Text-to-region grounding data
== Segment start ==

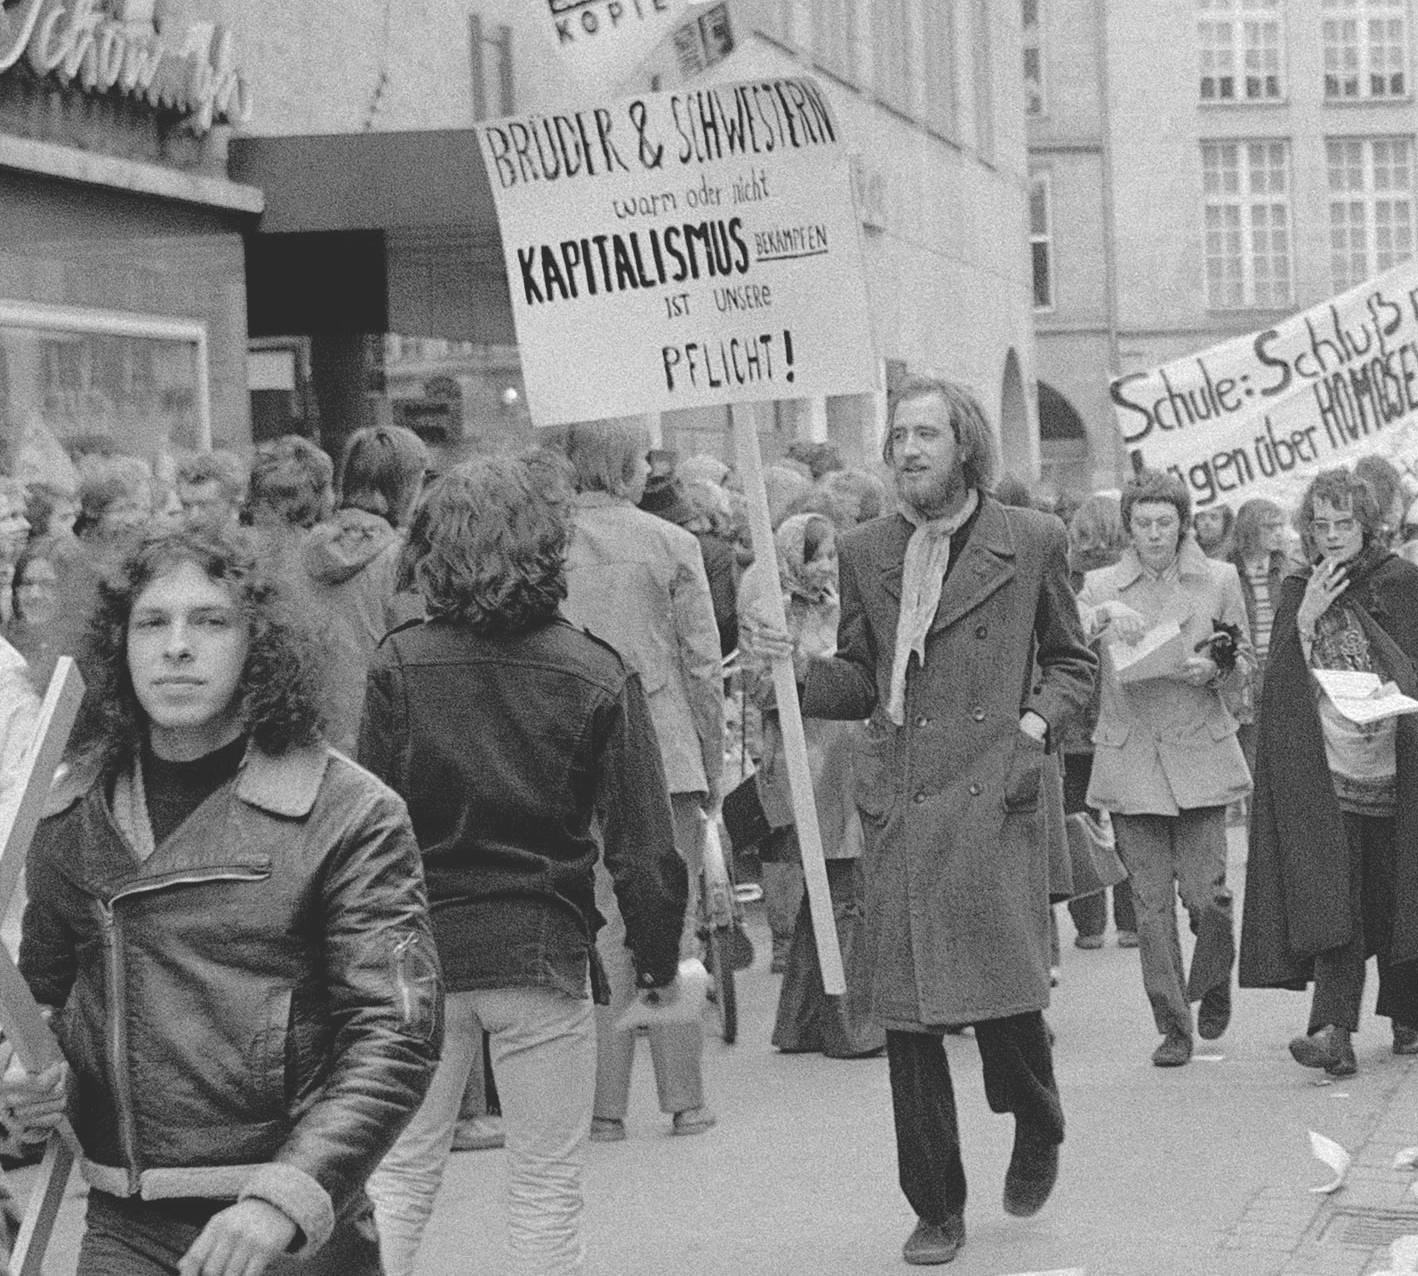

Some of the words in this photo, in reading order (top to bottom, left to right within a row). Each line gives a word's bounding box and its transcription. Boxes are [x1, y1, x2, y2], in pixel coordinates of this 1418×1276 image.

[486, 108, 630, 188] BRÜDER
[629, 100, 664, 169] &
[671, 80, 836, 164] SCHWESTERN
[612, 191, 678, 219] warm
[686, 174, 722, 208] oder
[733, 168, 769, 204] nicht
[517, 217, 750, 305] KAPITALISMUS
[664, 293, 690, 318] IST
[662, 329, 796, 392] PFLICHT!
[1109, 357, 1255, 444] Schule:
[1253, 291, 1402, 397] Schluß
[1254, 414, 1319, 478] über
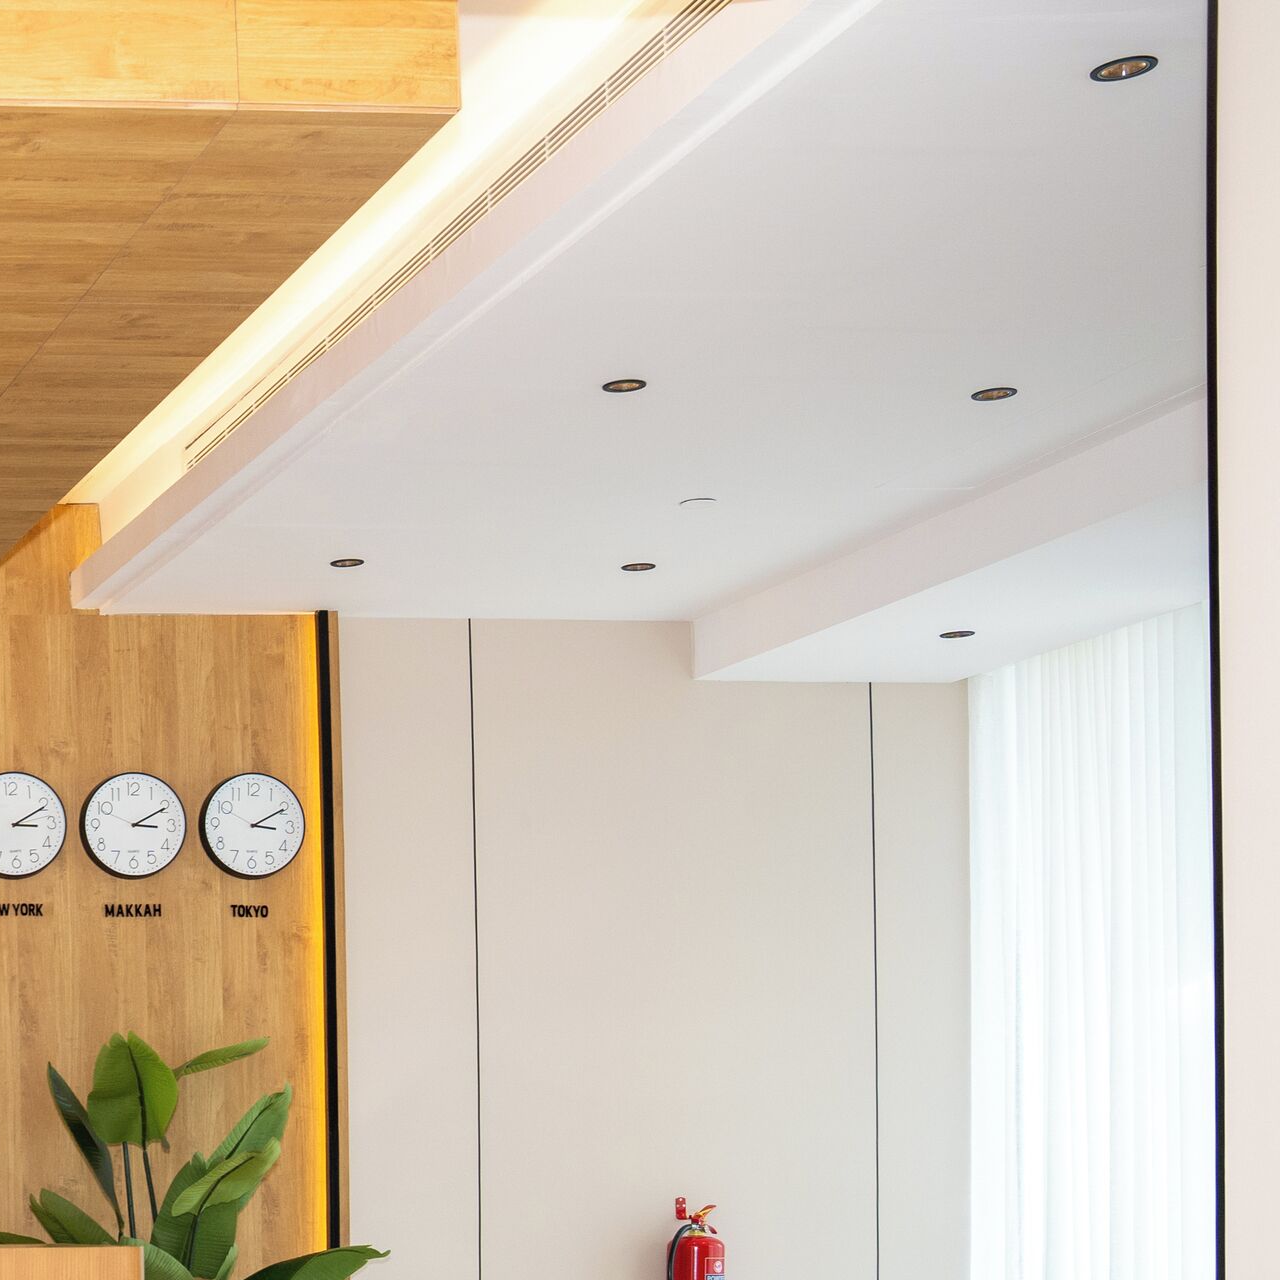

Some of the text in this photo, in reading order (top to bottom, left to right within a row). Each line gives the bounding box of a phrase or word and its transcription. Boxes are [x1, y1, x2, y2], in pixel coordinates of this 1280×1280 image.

== Segment end ==

◆ Directions: Reproduce all the entries above exactly. Include no images.

◆ Exercise result:
Some of the words in this photo, in reading order (top to bottom, left to right within a row). Each line gives a word's bounding box and its transcription. Boxes are [x1, y1, x2, y2], in pixel coordinates of this 1418×1276 image.

[486, 108, 630, 188] BRÜDER
[629, 100, 664, 169] &
[671, 80, 836, 164] SCHWESTERN
[612, 191, 678, 219] warm
[686, 174, 722, 208] oder
[733, 168, 769, 204] nicht
[517, 217, 750, 305] KAPITALISMUS
[664, 293, 690, 318] IST
[662, 329, 796, 392] PFLICHT!
[1109, 357, 1255, 444] Schule:
[1253, 291, 1402, 397] Schluß
[1254, 414, 1319, 478] über

Some of the text in this photo, in reading order (top to bottom, left to right within a row). Each line gives the bounding box of a phrase or word and its transcription. Boxes are [x1, y1, x2, y2], in pixel coordinates of this 1280×1280 image.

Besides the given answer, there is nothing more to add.